Providence, RI – The Rhode Island Public Expenditure Council (RIPEC) and United Way of Rhode Island (UWRI) are pleased to announce the release of a joint study of the Social Safety Net in Rhode Island on Thursday, August 20, 2009. This comprehensive research, the first of its kind in Rhode Island, is entitled “Social Safety Net Study for Rhode Island: Data Analysis Summary and Conceptual Framework”. The Study provides an in-depth look at the range of services that comprise the Social Safety Net and the populations served. It also examines enrollment and cost trends and provides information on comparisons to other New England states.

“All of us around the table agreed that the most desirable outcome of a social-service system is to help as many people as possible to sustain themselves and their families,” said UWRI President and CEO Anthony Maione. “The Social Safety Net should help people be as independent as possible and support those who are unable to care for themselves.”

“The findings in the report illustrate that we need to rethink what we are trying to accomplish with the Social Safety Net programs,” said RIPEC Executive Director John Simmons. “The current safety net programs have evolved other time and we need to set a common vision and purpose for what the Social Safety Net should accomplish.”

Among the findings of the report are that Social Safety Net programs have a significant impact on the State’s budget. In the enacted FY 2010 budget, grants and benefits account for 46 percent of total spending in Rhode Island. While spending on these initiatives has always constituted a significant portion of the State’s budget, the composition of this spending has changed over time across the nation. Spending on low-income families has shifted from non-health to health programs, such as Medicaid.

In Rhode Island, of the growth in spending for social service programs between 1992 and 2006, the most recent year for which data were available from the Census for national comparisons, 90.0 percent went to support Medicaid. However, there is a significant difference in average annual Medicaid costs per year across beneficiary categories: based on Rhode Island Department of Human Services (DHS) data, in FY 2006, approximately 30.0 percent of Medicaid beneficiaries (elderly, adults with disabilities, and children with special health care needs) accounted for 79.0 percent of total spending in Rhode Island.

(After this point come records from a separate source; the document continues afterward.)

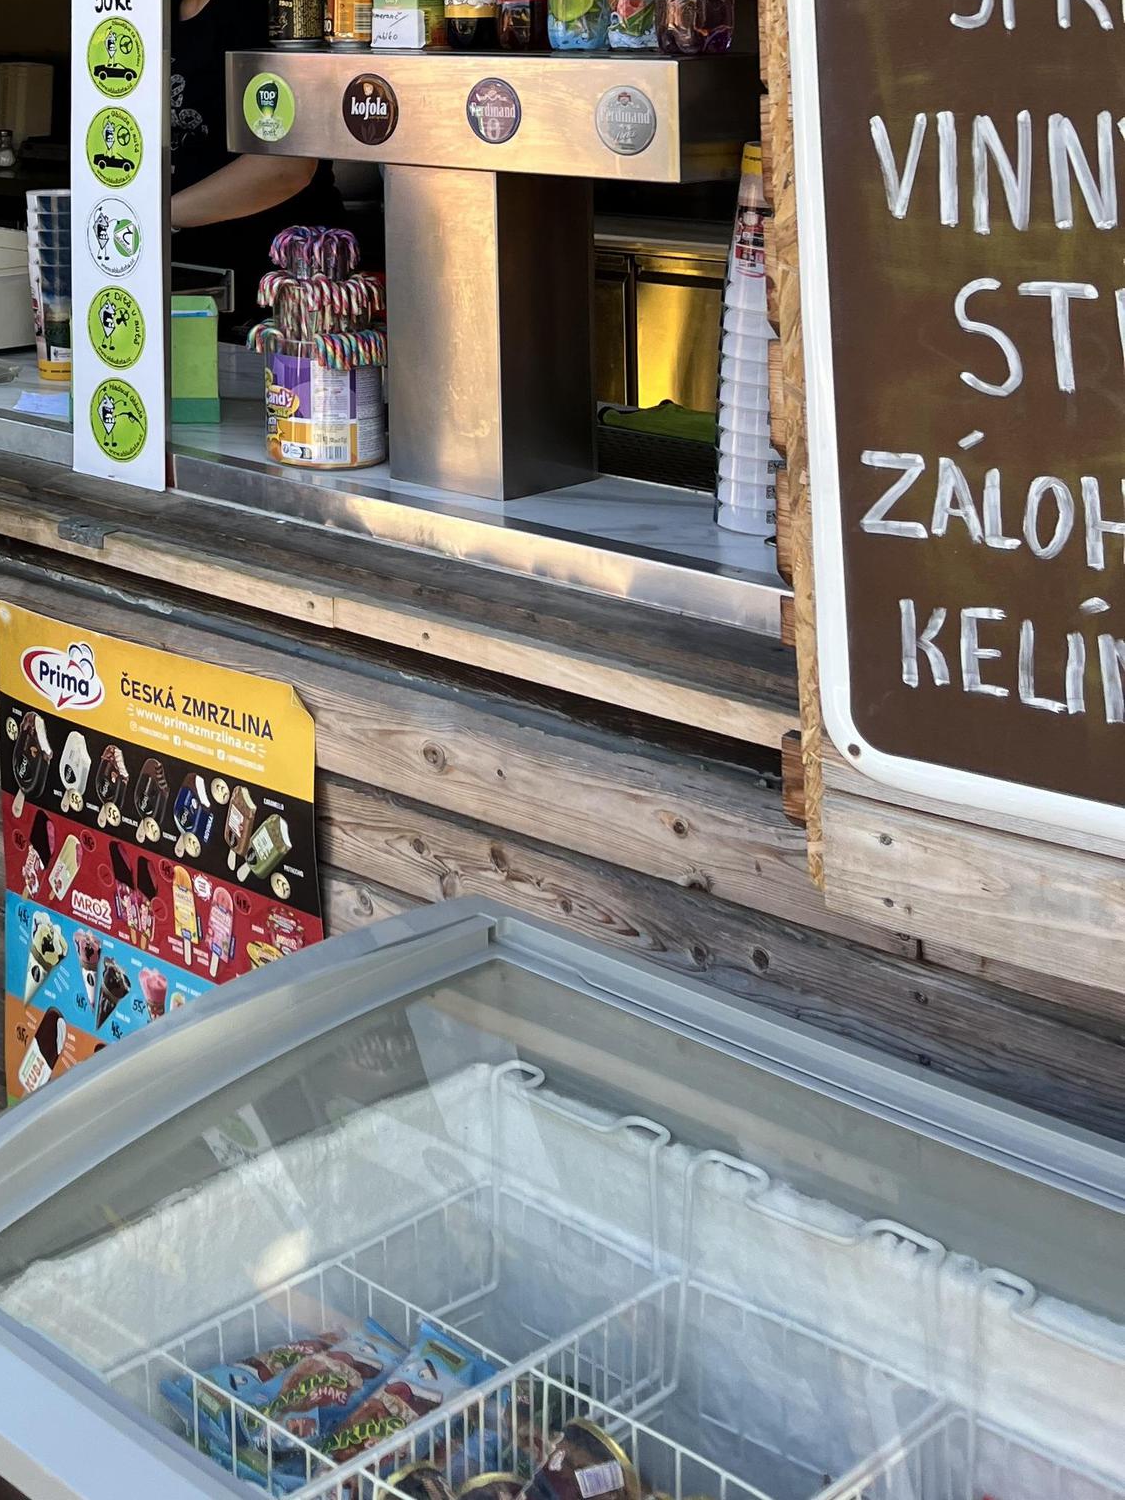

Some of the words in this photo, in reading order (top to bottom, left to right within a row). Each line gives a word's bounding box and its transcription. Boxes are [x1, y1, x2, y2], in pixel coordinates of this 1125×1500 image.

[259, 91, 275, 100] TOP
[351, 97, 388, 120] kofola
[471, 102, 516, 119] Ferdinand
[601, 107, 650, 124] Ferdinand
[955, 277, 1125, 398] ST
[39, 660, 89, 697] Prima
[121, 672, 175, 711] ČESKÁ
[182, 695, 273, 741] ZMRZLINA
[135, 707, 256, 753] www.primazmrzlina.cz

Other key findings note that support and services fall short for people in crisis as well as those seeking long-term assistance. The study calls for improved follow-through and continuous assistance such as stronger workforce development and stabilization maintenance. There should be consistency – a continuum of services – so that people who emerge from great need are assisted through the entire process from finding and keeping employment to maintaining their self-sustainability.

In addition, social and health programs administered by State agencies to those in need are arduous and complex. They require applicants fill out multiple applications. Several Rhode Island State offices oversee the same programs, and even within agencies there are redundancies.

The report recommends that an initial assessment of anyone in need should occur only once, and the case should be followed by that same entity from crisis or dire need to self-sustainability. The study proposes implementing a “holistic” approach, and a coordinated, streamlined effort among State agencies. Additional principles to improve the assistance provided to those in need include:

  • As the components of the current Safety Net have evolved over time, there does not appear to be a vision of what society is trying to accomplish with these programs. Hence, improved accountability associated with government spending would be desirable.
  • As participant income rises, government supports should be withdrawn gradually, in order to maintain the provision of basic needs.
  • Consideration of the relative responsibility of individuals, families, nonprofit organizations and faith-based groups should be included in government’s planning for services. The Social Safety Net Study for Rhode Island only examined federal and State-government-funded programs. However, it brought to light that nonprofit and faith-based organizations play a critical safety-net role to those in dire need. They are the first-responders, and, in many cases, the only assistance some receive.